As soon as a sentence is entered, the prisoner is taken to a county jail. The female prisoners are in a big room. They are ordered to take off their clothes and stand naked while being inspected. The prisoner is told to lift her hair, arms, feet, and then bend over and cough twice. If she is wearing a tampon, she must remove it for inspection. She is then given a white jumpsuit to wear, her ankles are shackled, and handcuffs secured by a black box. The prisoners are loaded on a van to be taken to the prison.
The van pulls into the facility at Coffee Creek and drives to the intake center. The gates shut and lock before the prisoners get out of the van. They are taken in through a door and left in a holding cell with a sack lunch. The lunch might consist of: bread, a bag of chips, a piece of fruit, lunch meat, peanut butter and jelly packets, and mayonnaise and mustard packets. All of the women are in this large room together – there is a commode in one corner with a low wall blocking the toilet, though you can see the person sitting on it. The women stay in there for hours waiting to be called.
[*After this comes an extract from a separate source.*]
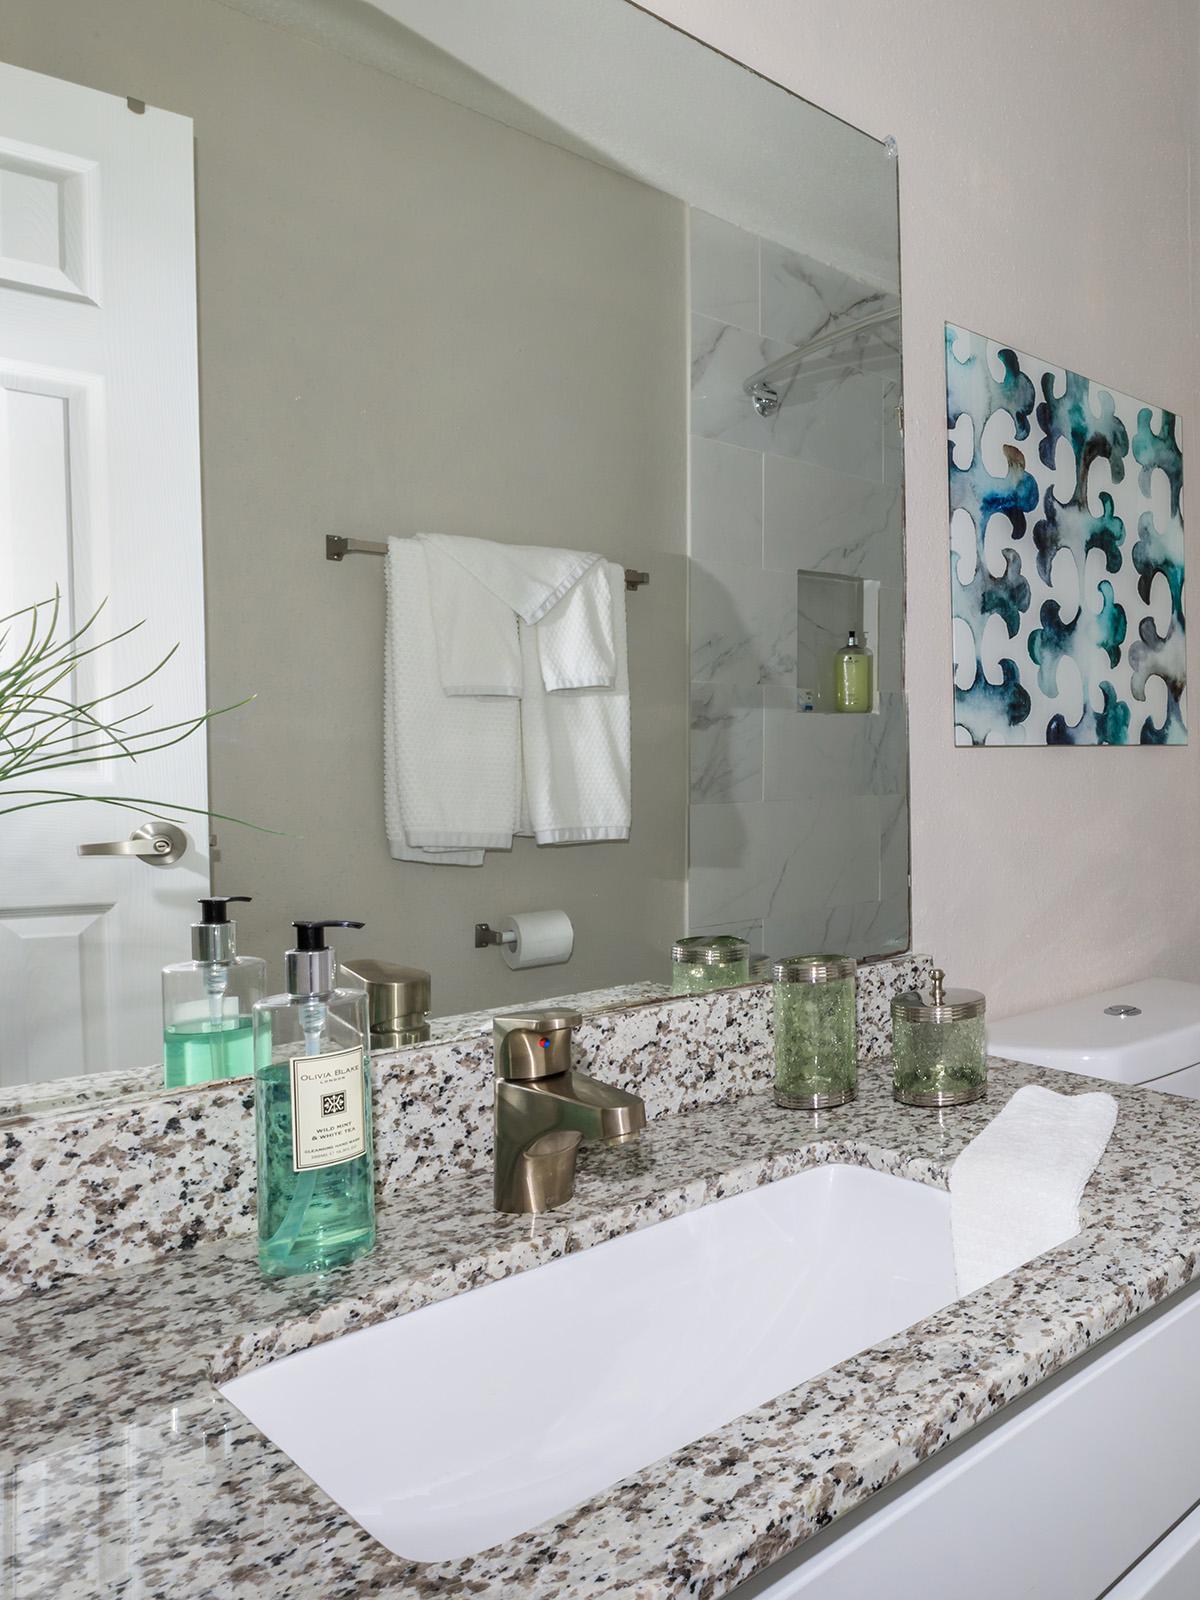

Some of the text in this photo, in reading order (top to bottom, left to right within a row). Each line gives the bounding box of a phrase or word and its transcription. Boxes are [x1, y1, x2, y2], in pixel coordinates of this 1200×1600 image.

[300, 1065, 359, 1081] OLIVIA BLAKE
[320, 1131, 341, 1139] WHITE
When she is called out, she is issued her “intake clothes.” These consist of: blue scrub pants, blue scrub shirts, navy blue t-shirts, underwear, socks, and sports bras. She is also given a pair of orange flip flops for showering. Then she is taken to the showers and shown the street clothes she was wearing so she can verify that her personal belongings are there. These items are sealed, boxed up, and mailed to the prisoner’s family.
In the showers, a strip search is performed again, then she is told to take a shower and put on her scrubs. She then goes into a room for fingerprinting, a DNA sample is taken, and a picture for her prison ID. She is now taken to a different holding tank, with the other processed prisoners. A nurse takes her into a private room and takes down her medical history, notes tattoos, and scars, and then she returns again to the same holding area.

When everyone is processed, the prisoners are given manila pocket folders containing the following items: a small tube of toothpaste, a tiny toothbrush, a pocket comb, a razor, a small deodorant, a little bar of soap, a small bendy pen, five envelopes, ten sheets of newsprint paper, and any paperwork she came in with that she’s allowed to keep, and a yellow lanyard to the K-Unit (this is the unit where intake prisoners will spend their first few weeks) with her ID card. She also receives her bedroll containing: two blankets, two sheets, a pillowcase, and two towels.
Now she is taken down a “big, scary” hallway where is shown where things are and taken to her unit. She arrives in the K-Unit. It is an open unit with 108 beds – bunk-beds. She will be here for about thirty days. While she is here, she will not be allowed to participate in any activities such as religious services, salon, visiting, etc. She will have two hours every day to spend in the day room or out in the yard. The rest of her time she is to sit on her bunk. At the end of her time here, an intake counselor will meet with her to talk about her Corrections Plan. This plan will explain her custody level (medium security for prisoners with more than four years’ time), expectations, etc.
The inmate I interviewed has been serving for nearly eight years now. She does not want to remember the time she came in because, like Shannon Hickman, she was accused of causing the death of a child. She told me in vague terms about that time, but my questions seemed to bother her. She said that the other inmates were not accepting. They called her a “baby killer” and told her to just kill herself. They wouldn’t allow her to sit with them for meals. She says she was “shunned” by the women.

I remember when Shannon was born – just a few months before my niece, Miranda. I can’t help feeling badly for her. She was powerless to decide how she was raised. She was powerless in her marriage. She was powerless in saving her child. And, for the next six years, she will be completely powerless in raising her surviving children.